Useful solutions with lasting impact

February 1, 2023

UM-Dearborn’s Business Idea Pitch competition awarded $5,000 in scholarship prizes to student projects focused on solving accessibility and mobility concerns.

Photo of two students pitching business ideas in front of a PowerPoint
From left, Computer Science major Huda Hussani and Cybersecurity major Shams Ahson present their idea, cARe Connected Lenses, at the 2023 Business Idea Pitch competition. Photos by Karl Ford

When arriving in the U.S. to attend UM-Dearborn, Mhithunaa Ramesh needed furniture and home goods for her apartment and books for the classroom. But the international student didn’t know where to go at first — Meta Marketplace was too expensive and secondhand stores were too far away since she didn't have a car.

Now in her second semester at UM-Dearborn, Ramesh, a Business Analytics graduate student, has discovered campus resources and created a strong personal network that helped connect her with what she needed. But she, along with Robotics Engineering graduate student Anto Jayson Gerald, wanted to come up with a tech savvy long-term solution that promotes an easy way for UM-Dearborn community members with household items, books and more to pass those along to students in need at a low cost.

So they decided to take part in the College of Business’ Business Idea Pitch competition, developed a concept for a UM-Dearborn-based app called Students to Students (S2S), won funding to get it started, and are now working on a plan to make it happen.

“From experience, we knew it was a needed service, but the Business Pitch Competition helped us visualize the product, explore its user market, and gave us assistance on how to communicate our idea,” Ramesh said. “We are now talking with the College of Engineering and Computer Science and the College of Business to see if developing Students to Students could become part of a capstone project.”

 Robotics Engineering graduate student Anto Jayson Gerald presents the Student2Student idea at the Pitch Competition.
Robotics Engineering graduate student Anto Jayson Gerald presents the Student2Student idea at the Pitch Competition.

The pitch competition, which took place Jan. 26 in Fairlane Center North, had seven finalist teams competing for $5,000 in scholarship prizes. Students participating in the event had five minutes to pitch their business idea — which was encouraged to address a community problem connected to healthy lifestyles, food access or mobility — to a panel of judges.

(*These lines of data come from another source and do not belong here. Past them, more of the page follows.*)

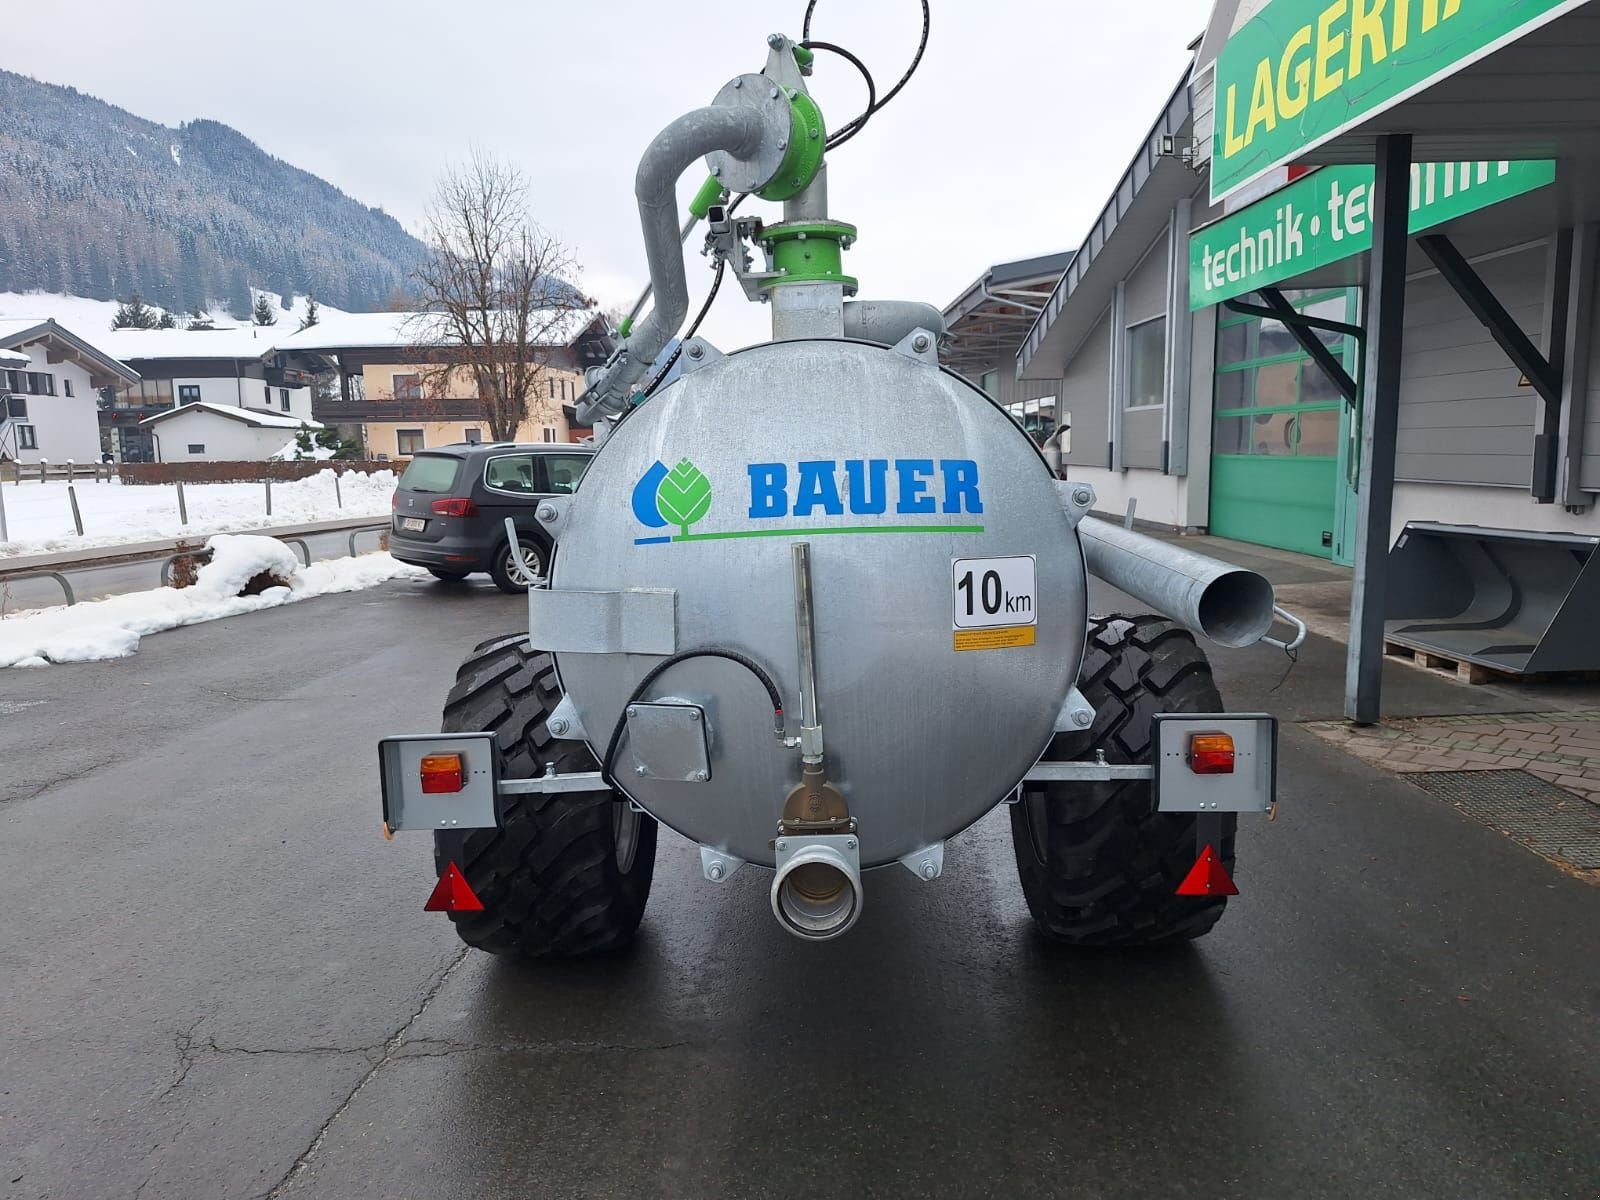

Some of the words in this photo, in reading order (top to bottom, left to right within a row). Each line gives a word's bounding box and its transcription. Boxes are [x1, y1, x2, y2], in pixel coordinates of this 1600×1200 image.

[1224, 0, 1461, 160] LAGER
[1202, 203, 1304, 291] technik
[747, 459, 985, 519] BAUER
[958, 570, 1002, 616] 10
[1005, 590, 1031, 613] km

The panel of alumni business leaders and faculty rated the pitches based on both the presentation and the quality of the business idea.

COB Associate Dean Tim Davis said the Business Idea Pitch competition, now in its ninth year, gives students the opportunity to apply their creative problem solving and critical thinking skills to pressing community concerns.

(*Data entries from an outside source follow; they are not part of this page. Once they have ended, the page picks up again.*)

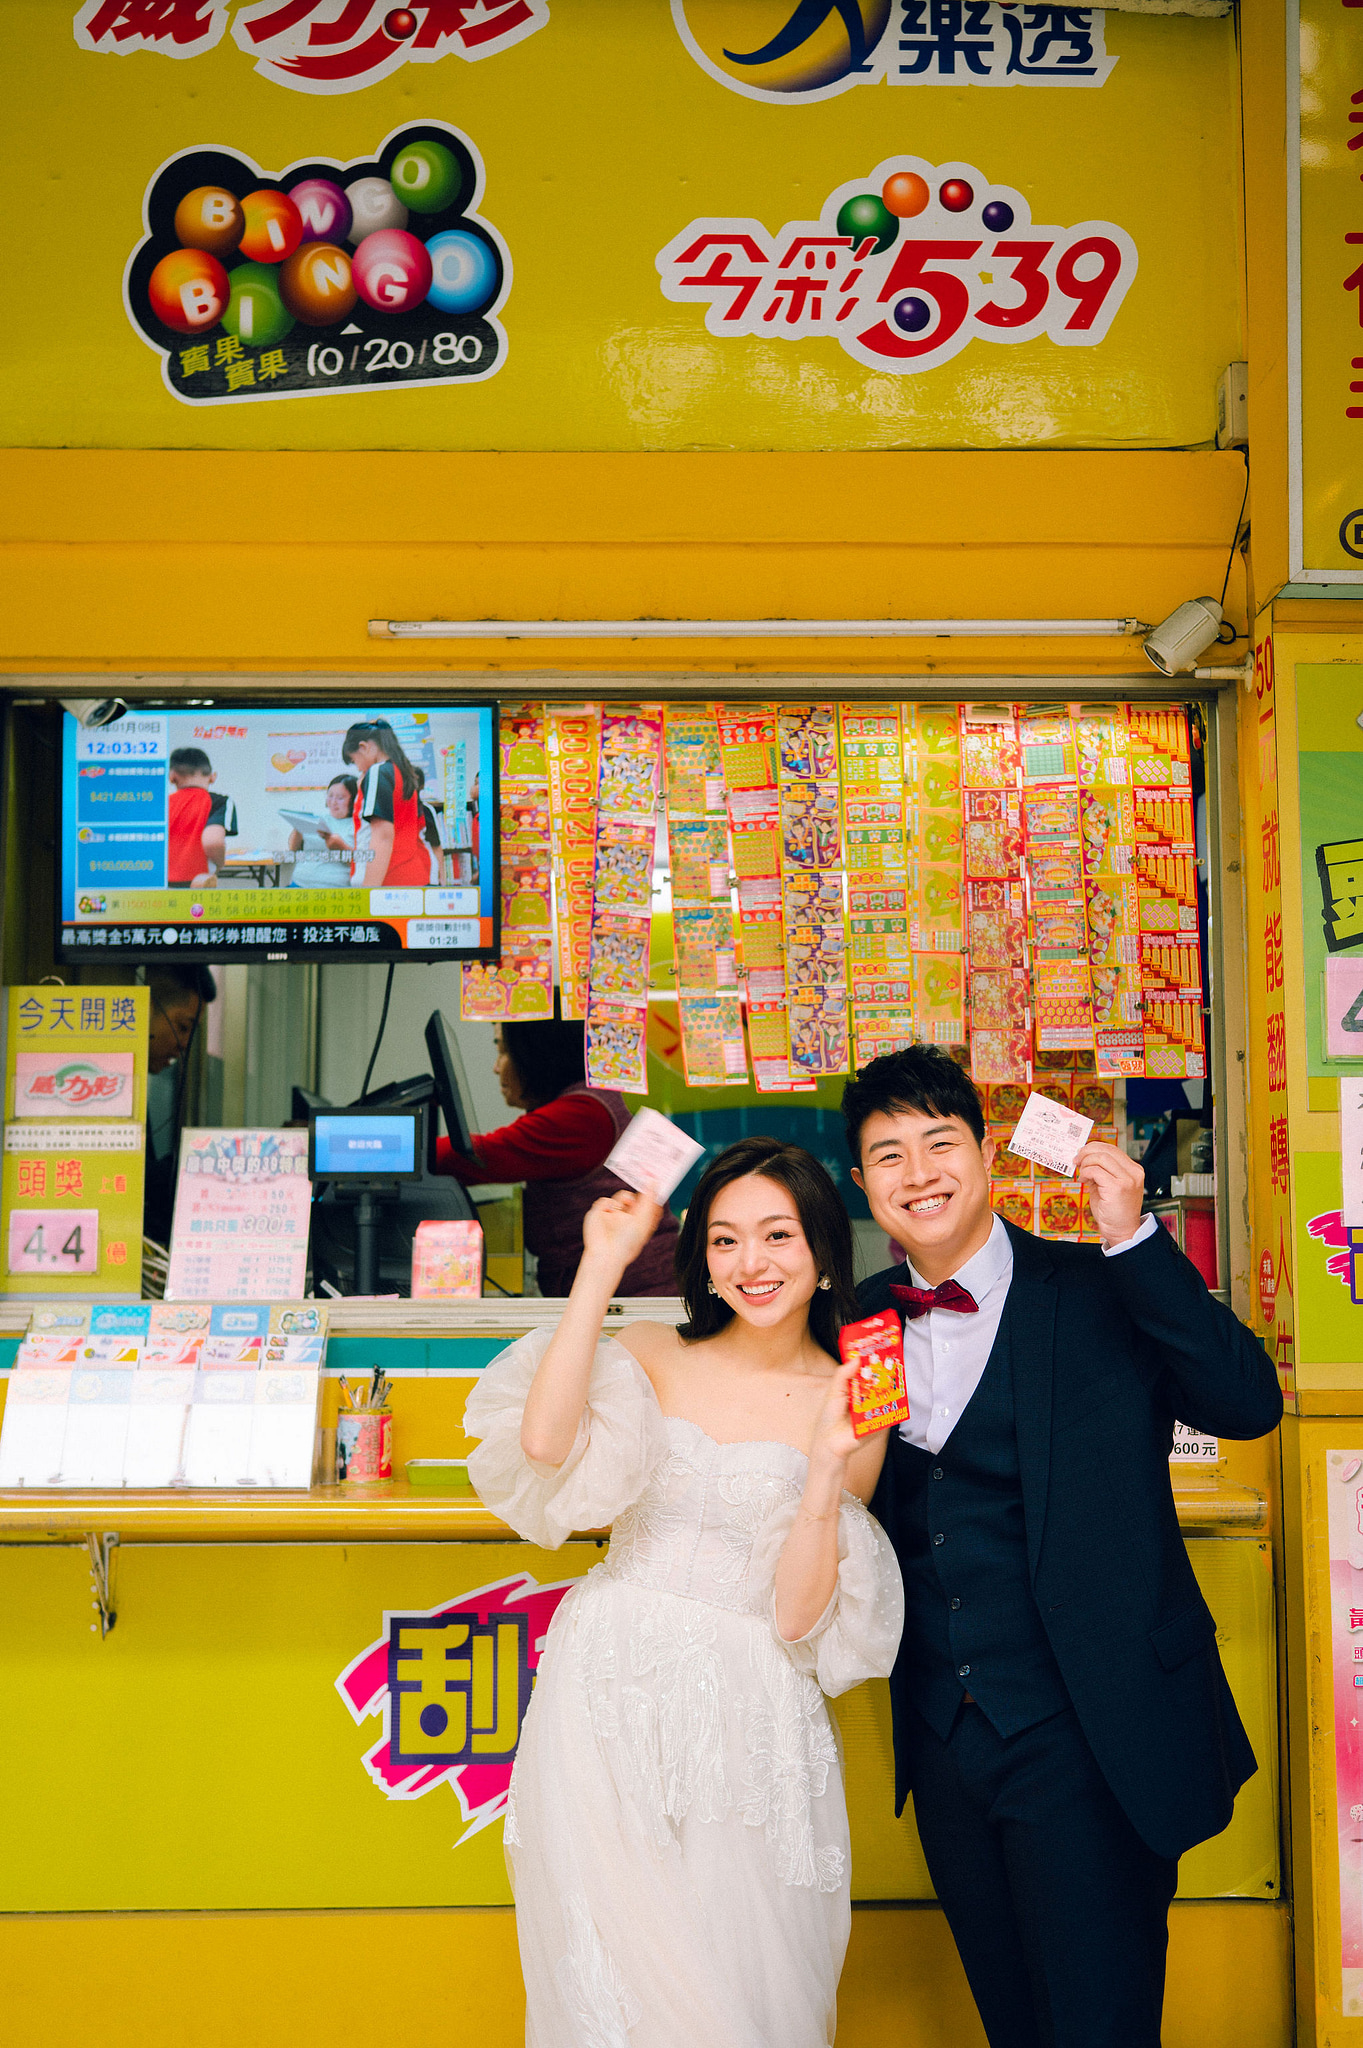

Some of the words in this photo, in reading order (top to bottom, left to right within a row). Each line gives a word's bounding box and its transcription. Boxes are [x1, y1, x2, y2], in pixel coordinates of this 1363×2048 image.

[201, 156, 431, 252] BINGO
[179, 247, 473, 338] BINGO
[673, 233, 1122, 358] 今彩539
[179, 335, 244, 377] 賓果
[224, 349, 289, 392] 賓果
[307, 332, 483, 376] 10/20/80
[86, 741, 159, 755] 12:03:32
[429, 936, 458, 945] 01:28
[19, 997, 136, 1032] 今天開獎
[29, 1074, 119, 1102] 威力彩
[18, 1159, 84, 1199] 頭獎
[98, 1174, 127, 1195] 上看
[23, 1224, 85, 1264] 4.4
[242, 1215, 283, 1235] 300
[106, 1241, 127, 1265] 億
[1202, 1442, 1216, 1456] 元

“Recognizing the value of the entrepreneurial mindset to all individuals and careers, our goal for their competition is for students to be empathetic and create solutions that provide value for customers with a problem or need,” Davis said.

The other awarded projects were:

• MBA student Farzana Fariha’s Connecting Pieces, an online community that helps caregivers and people with special needs connect with each other and/or find local healthcare providers, as well offer recommendations for businesses that have helpful accommodations, upcycle gently used equipment.
• Computer and Data Science major Shouryan Nikam’s CookShare, an app that helps people or businesses with excess prepared food immediately connect with people seeking meals at a low cost.
• Computer Science major Huda Hussani and Cybersecurity major Shams Ahson’s cARe Connected Lenses, a portable and affordable augmented reality system connecting emergency medical professionals to specialty doctors providing medical care in rural or underserved communities.

Hussani and Ahson said they have previously participated in regional hackathons and were impressed that UM-Dearborn offered its own pitch competition.

“If you have ideas, even the best ideas, no one will listen if you don’t know how to clearly explain how it can be beneficial and applied — and you need to do it with enthusiasm,” said Hussani, who put on AR glasses Blues Brothers-style with her project partner at the end of their presentation. “Competitions like this help you learn how to do that.”

In addition to the competition itself, several workshops took place before the event to help students organize their ideas, craft their pitch and polish their presentations.

“When we talk to employers, we hear common themes in the skills they are looking for — creativity, critical thinking, clear communications,” said COB Dean Raju Balakrishnan. “This competition and the workshops leading up to it allow students to develop and demonstrate all of these skills and put them together in a cohesive manner.”

Following their win, Ramesh said she is grateful for the experience and is excited for the next phase of their S2S idea.

“Participating is good for a resume, but it goes beyond personal gain,” she said. “This is creating a useful solution for future students that will have a lasting impact in our community.”


2023 Business Idea Pitch judges were Mitchell Business Communications Lab Director Jennifer Coon, New Economy Initiative Executive Director Wafa Dinaro, ‘04 B.A., Focus on Execution Consulting Operations & Program Management Practice Director Maria Welborne, ‘90 B.S.E., and Marsh Senior Vice President David Yesh, ‘83 B.A. Article by Sarah Tuxbury.